Match based on multiple values within one field.

Hoenen · Sep 23, 2014

For my study on academic research I need to match patents that refer to academic research as prior work with the actual prior work.

I have two tables (see attached images below).

One regarding AcademicPublications (AP), which is neatly organized with title, year, journal, volume, pages, first author, etc... 480,000 rows

One regarding Patentswhere all this information is hidden within one field, in the most messy way possible... for instance, a field could have:

Sugita et al, "Nonsurgical Implantation of a Vascular Ring Prosthesis Using Thermal Shape Memory Ti/Ni Alloy (Nitionl Wire)," Trans. Amer. Soc. Artif. Intern. Organs, vol. 23, pp. 30-34.

or

Willingham et al., Cell 13, 501-507 (1978).

Or many other ways.

I want to create a new table that is set up like this:

Patents.PatentNumber | AP.ID | Patents.Reference | AP.Title | AP.Year | AP.Volume | AP.PageStart

The question is: How do I match different fields from one table on one field of another and make it return another field (the ID)? Some references are too horrible to match, but I need as many as I can get.

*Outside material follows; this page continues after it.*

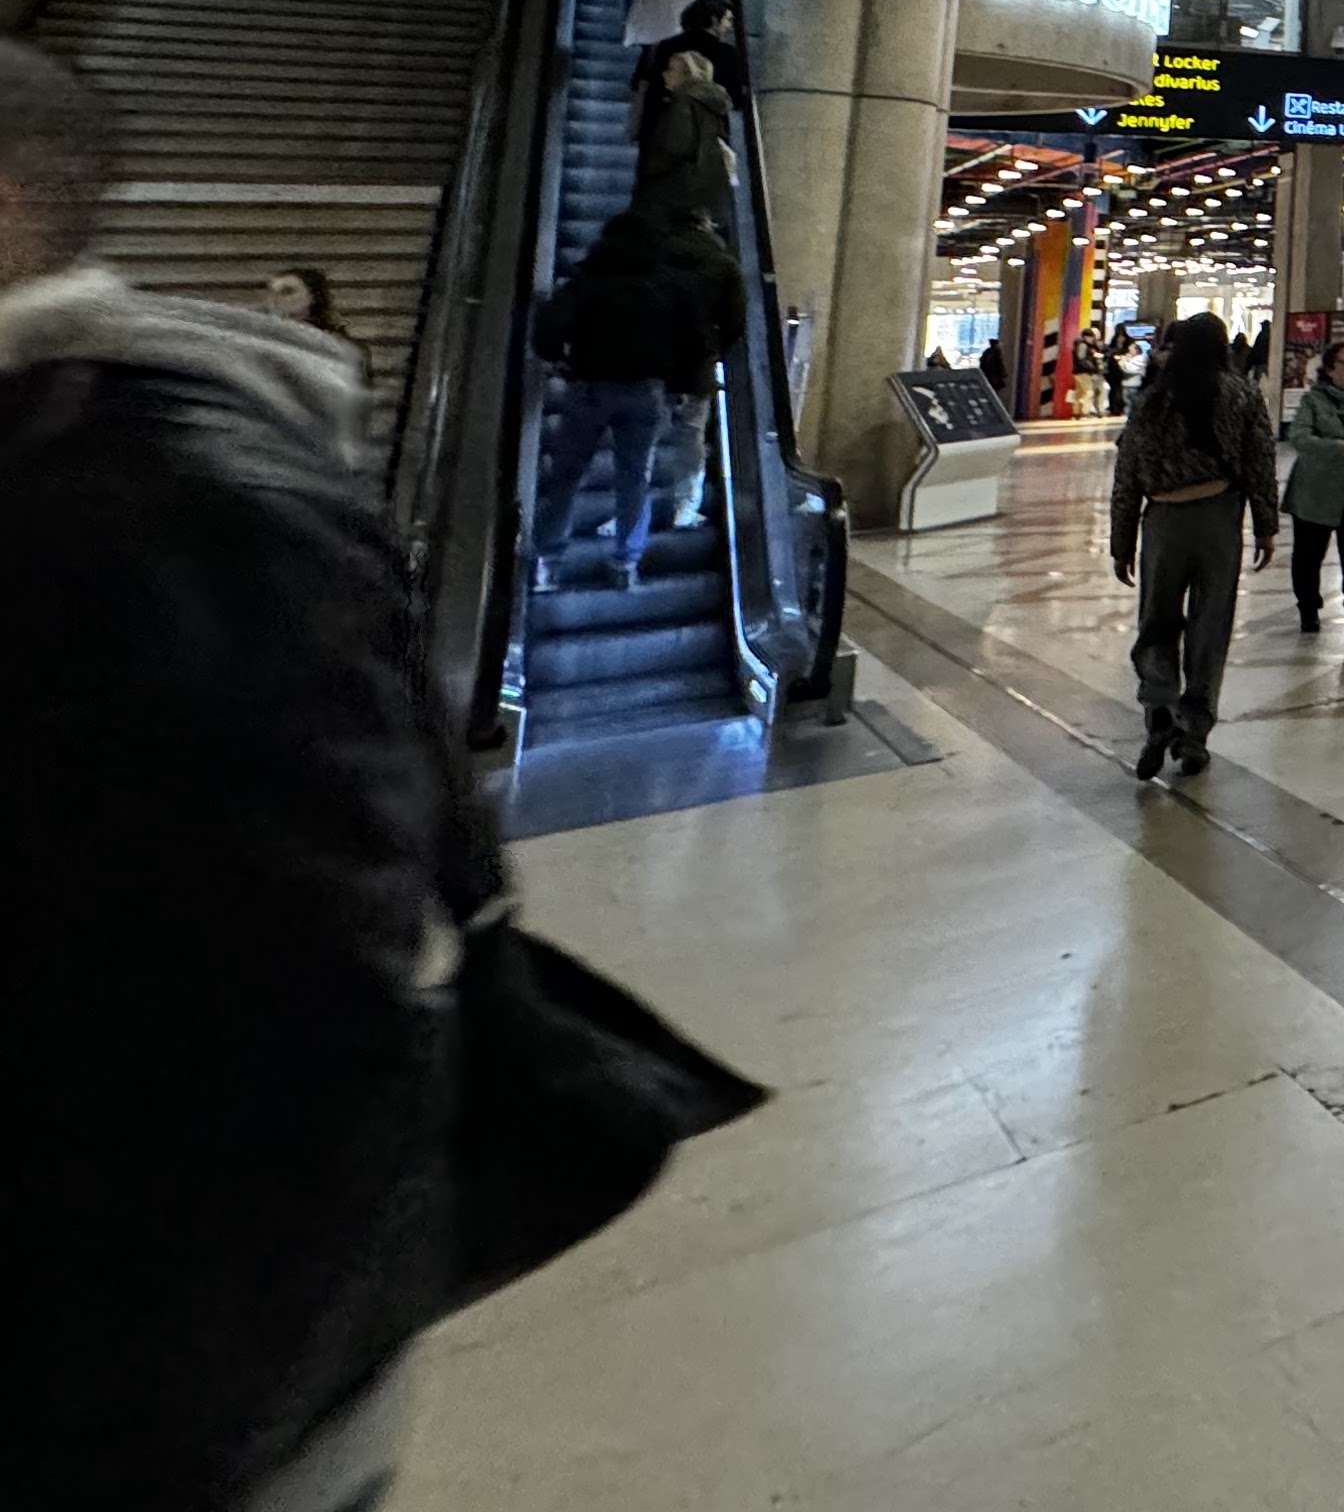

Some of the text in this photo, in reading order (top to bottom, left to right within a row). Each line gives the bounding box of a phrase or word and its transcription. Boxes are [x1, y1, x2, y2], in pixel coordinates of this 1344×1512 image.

I can imagine two queries would give me the bulk:

A match in [Title] AND [Year]
A match on ([SourceTitle] OR [AbbreviatedSourceTitle] ) AND [Volume] AND [Year] AND [PageStart]

I understand that I have to make use of the Like "*"&[value]&"*", but how do I make it return the matching ID?

JHB · Sep 23, 2014

Could you show us some result you want to get, (+ from where you get it), it should be from the table/data you have shown in the pictures.

Hoenen · Sep 23, 2014

JHB said:
Could you show us some result you want to get, (+ from where you get it), it should be from the table/data you have shown in the pictures.

I've manually looked up some matches, in attachment 1 you can find what I would see as ideal outcome table. In attachment 2 i explain it further:

The columns with a red frame are from my AcademicPublications table, the columns with a blue frame are from my Patents table.

You can see that these examples all match in Author, title, year.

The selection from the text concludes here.